● **Exercise goal**
An exact copy of the records below is needed, with every picture left out.

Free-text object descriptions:
+ + + + + + +

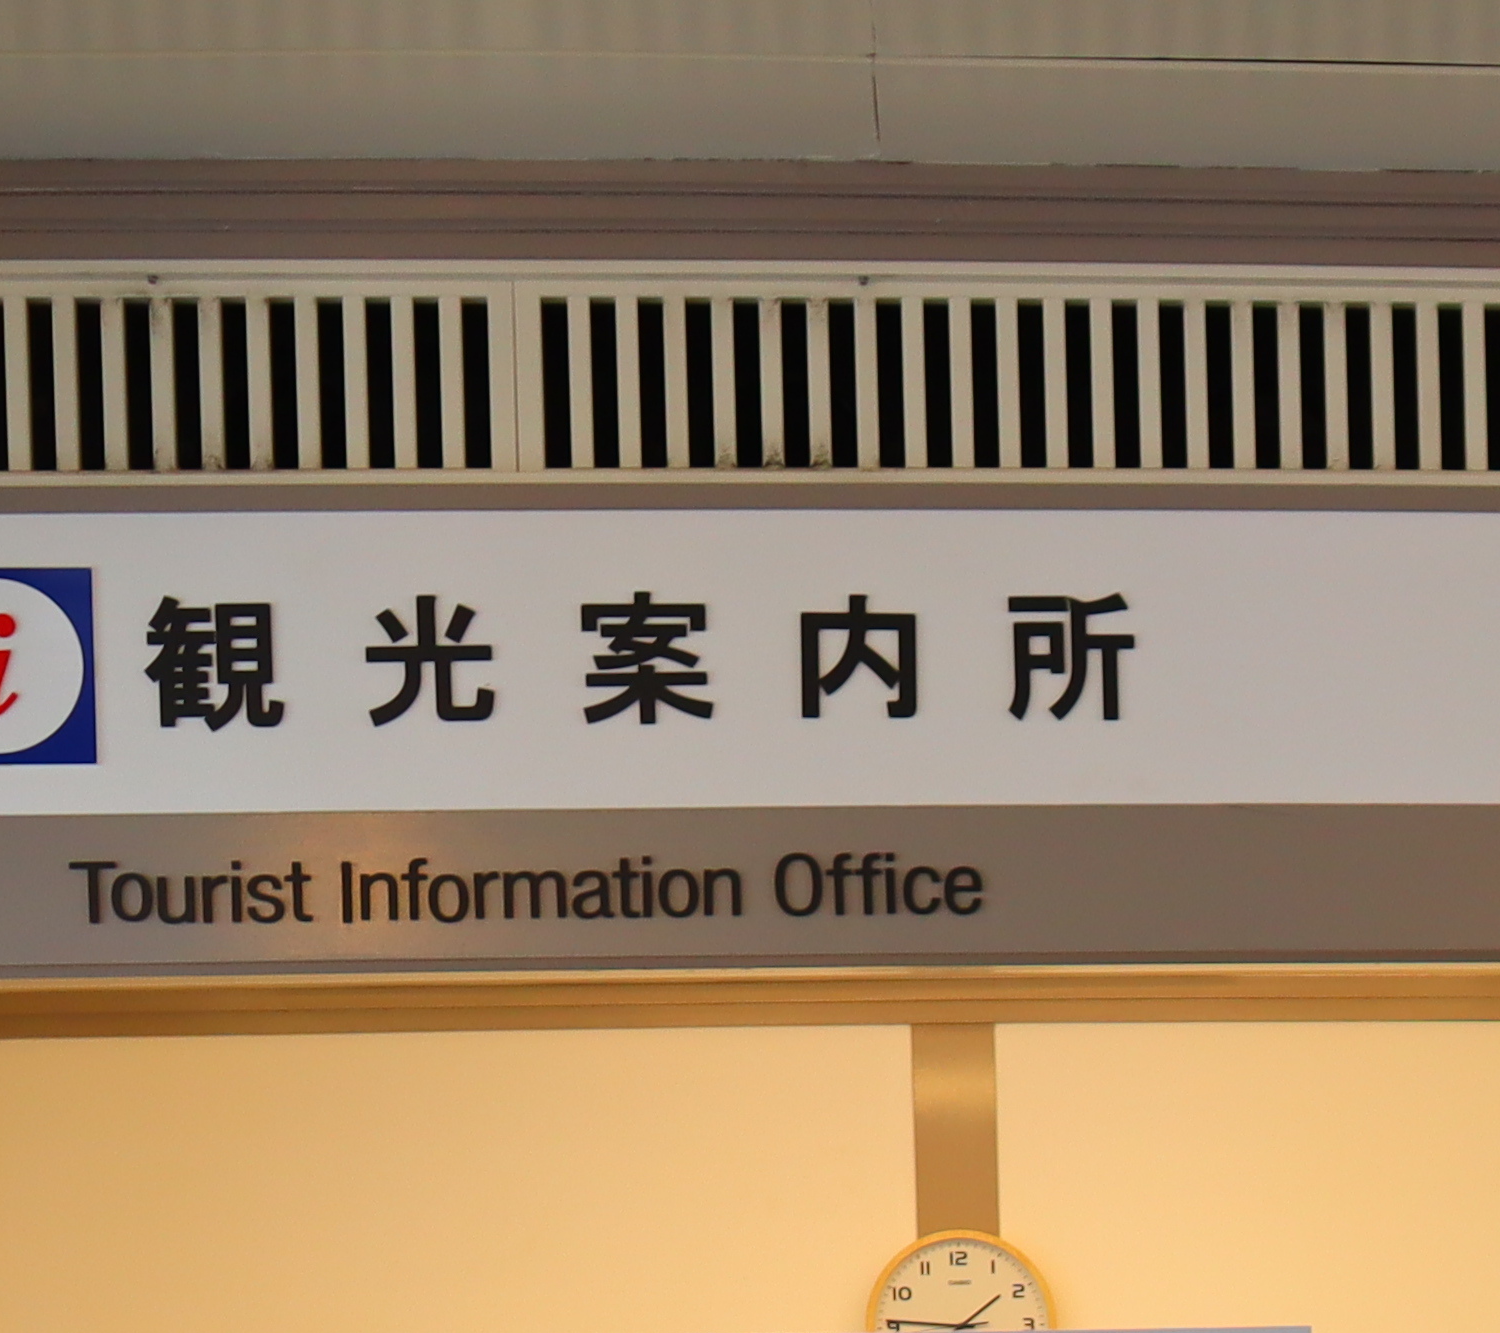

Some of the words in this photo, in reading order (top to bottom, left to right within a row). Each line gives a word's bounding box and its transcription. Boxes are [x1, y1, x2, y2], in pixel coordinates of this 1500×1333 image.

[145, 591, 1137, 732] 観光案内所
[69, 857, 313, 926] Tourist
[340, 852, 743, 925] Information
[774, 851, 986, 918] Office
[949, 1251, 968, 1266] 12
[920, 1261, 930, 1275] 11
[892, 1286, 912, 1301] 10
[1012, 1284, 1025, 1298] 2

+ + + + + + +

● **Output of the task**
Some of the words in this photo, in reading order (top to bottom, left to right within a row). Each line gives a word's bounding box and its transcription. Boxes are [x1, y1, x2, y2], in pixel coordinates of this 1500×1333 image.

[145, 591, 1137, 732] 観光案内所
[69, 857, 313, 926] Tourist
[340, 852, 743, 925] Information
[774, 851, 986, 918] Office
[949, 1251, 968, 1266] 12
[920, 1261, 930, 1275] 11
[892, 1286, 912, 1301] 10
[1012, 1284, 1025, 1298] 2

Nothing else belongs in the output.